Only 29 students registered on the first day of the school’s first semester. Today, East Tennessee State University has an enrollment of over 14,500 students and offers a wide variety of programs in 11 colleges and schools.
Senior Vice President for Academics and Interim Provost Wilsie Bishop said Gilbreath would be proud of the university's progress over the decades, in terms of both capital projects and academic program growth.
“I think he was a man with vision, and I think he knew creating an institution of higher education here in Johnson City and serving Northeast Tennessee was going to make a difference in the lives of people. That was part of what he established as our original mission,” said Bishop, who’s held a variety of administrative positions at the university since arriving at the campus in 1978.
In the institution’s early days, Bishop said the university was viewed primarily as “a university that was convenient for people in the area to come to.”
“I think we’ve grown in our ability to attract faculty from across the country – some of the faculty that came to us this year came from some of the best institutions in the country,” Bishop said. “I think they’re drawn to ETSU because they see that we are a growing institution. The growth has allowed us to have more specialized programs and have a wide array that you’d expect to find at a university. I think we draw students now because of the reputation of our programs.”
In 1925, the school became a college, changed its name to East Tennessee State Teachers College and gained accreditation from the Southern Association of Colleges and Secondary Schools. In 1943, the college became East Tennessee State College before finally settling on East Tennessee State University in 1963.
Since the 1970s, ETSU’s enrollment has doubled, and the university's distinguished health science programs have emerged into what they are today. By 1978, the university’s Quillen College of Medicine admitted its first students after being established by the legislature in 1974.
“In 1978, the College of Health was split into the College of Public and Allied Health and the College of Nursing. They were called ‘schools’ at the time,” Bishop said. “So the activity of putting the five colleges together that we now have that serves as the Academic Health Science Center, or ETSU Health, really started in ’78.”
Before Stanton Gerber Hall was built, some College of Medicine labs were inside the university’s Mini-Dome under the bleachers. From the mid-70s to 2000, Bishop said the “dome was doing more than athletic events.”
“They were doing research under the bleachers,” Bishop pointed out.
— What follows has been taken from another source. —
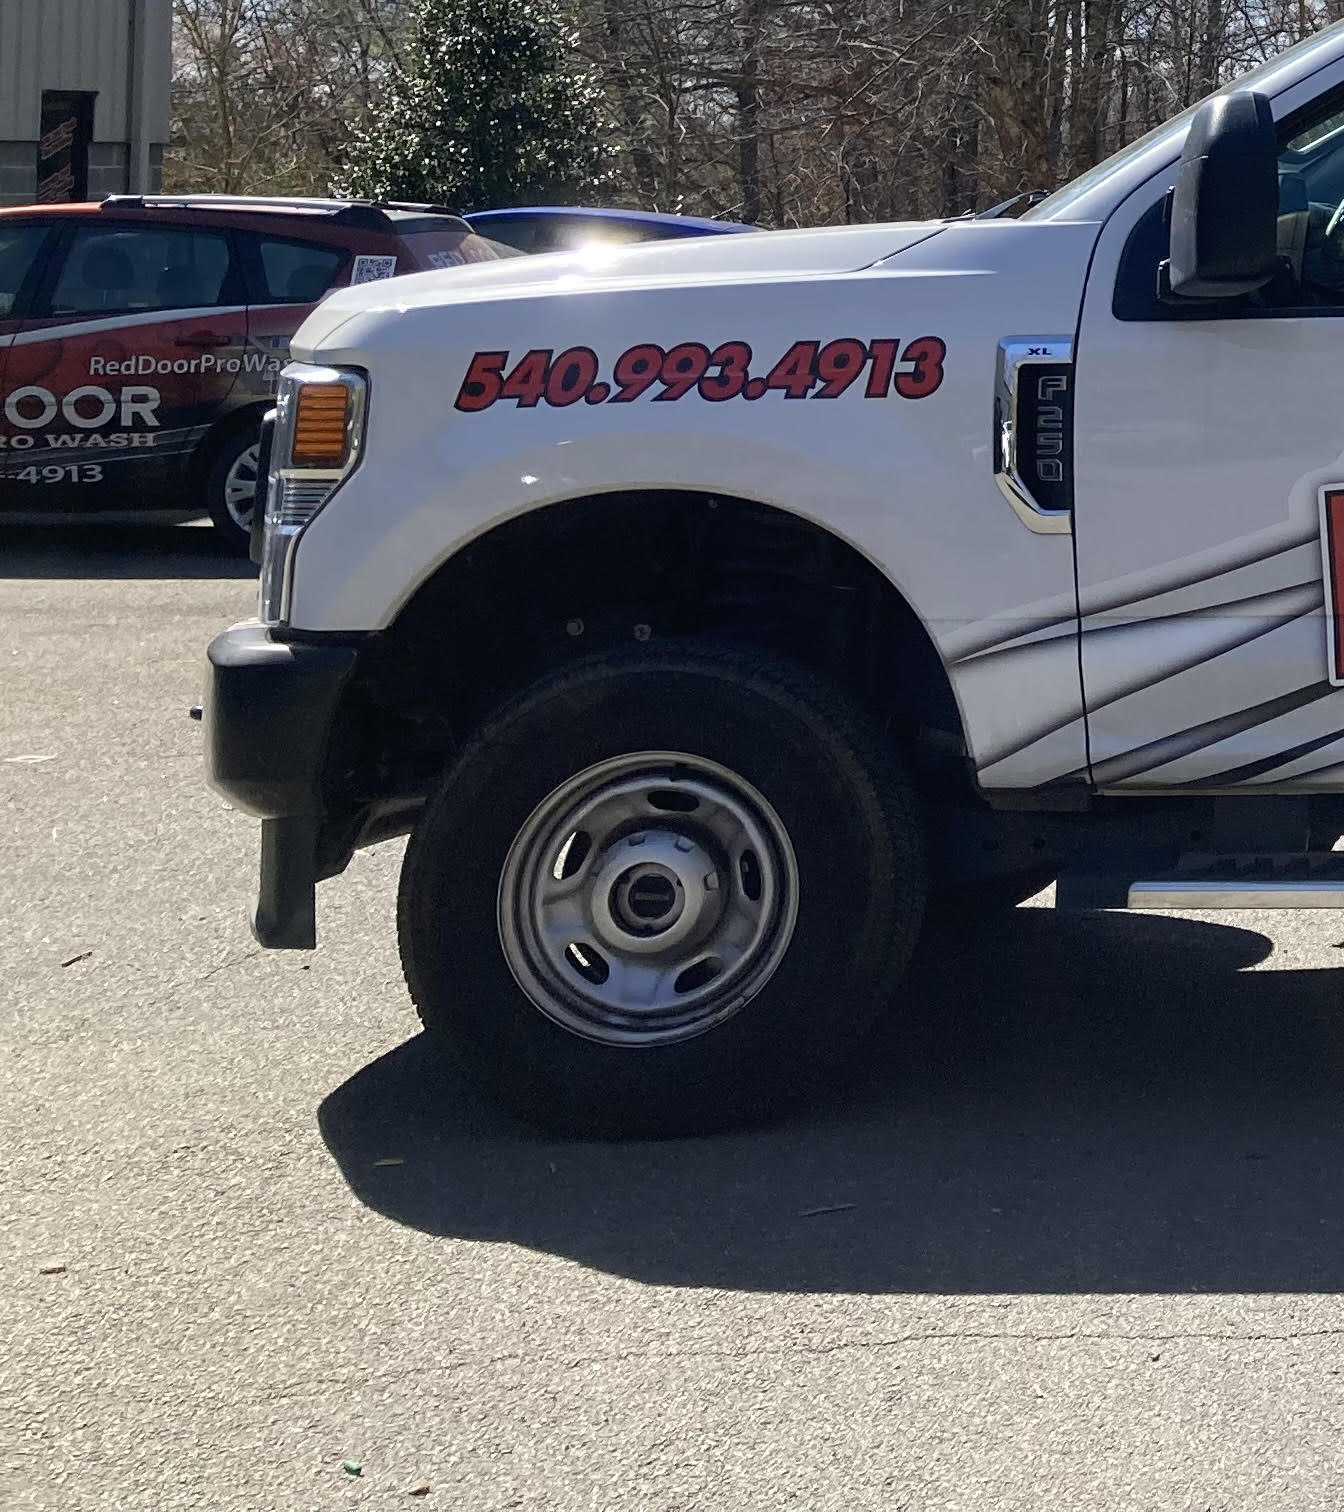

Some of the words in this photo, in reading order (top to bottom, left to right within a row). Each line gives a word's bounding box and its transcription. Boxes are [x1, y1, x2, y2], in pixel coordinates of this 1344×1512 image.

In 2005, the university established the Bill Gatton College of Pharmacy after locals rallied to found the new school. In 2007, the College of Public and Allied Health, which Bishop was previously dean of, was split into the College of Public Health and College of Clinical and Rehabilitative Health Sciences.
“I think (Gilbreath) probably would be surprised to see what a strong academic health center the university has become,” Bishop said.
Bishop said the physical makeup of the university’s main campus has changed dramatically over the decades, particularly under President Brian Noland’s tenure.
Since Noland took leadership in 2012, the construction of the $26 million William B. Greene Jr. football stadium was conceptualized and eventually completed in 2017 after the football program was reintroduced. Now the $45.5 million renovations to the D.P. Culp University Center and the long-anticipated $53 million James C. and Mary B. Martin Center for the Arts are set to be completed in 2020.
Earlier this year, the newly acquired $20 million Millennium Center was transformed into a new academic building for ETSU’s highly ranked computer science program, complete with new, state-of-the-art classrooms. ETSU also recently requested $71.8 million from Gov. Bill Lee’s budget for a new humanities building.
“I’ve been here on my 42nd year, so I’ve seen the campus change a whole lot during the time I’ve been here. When I first arrived, State of Franklin (Road) wasn’t finished in front of the university,” Bishop said. “The visible image that the university provided to the community has changed significantly.”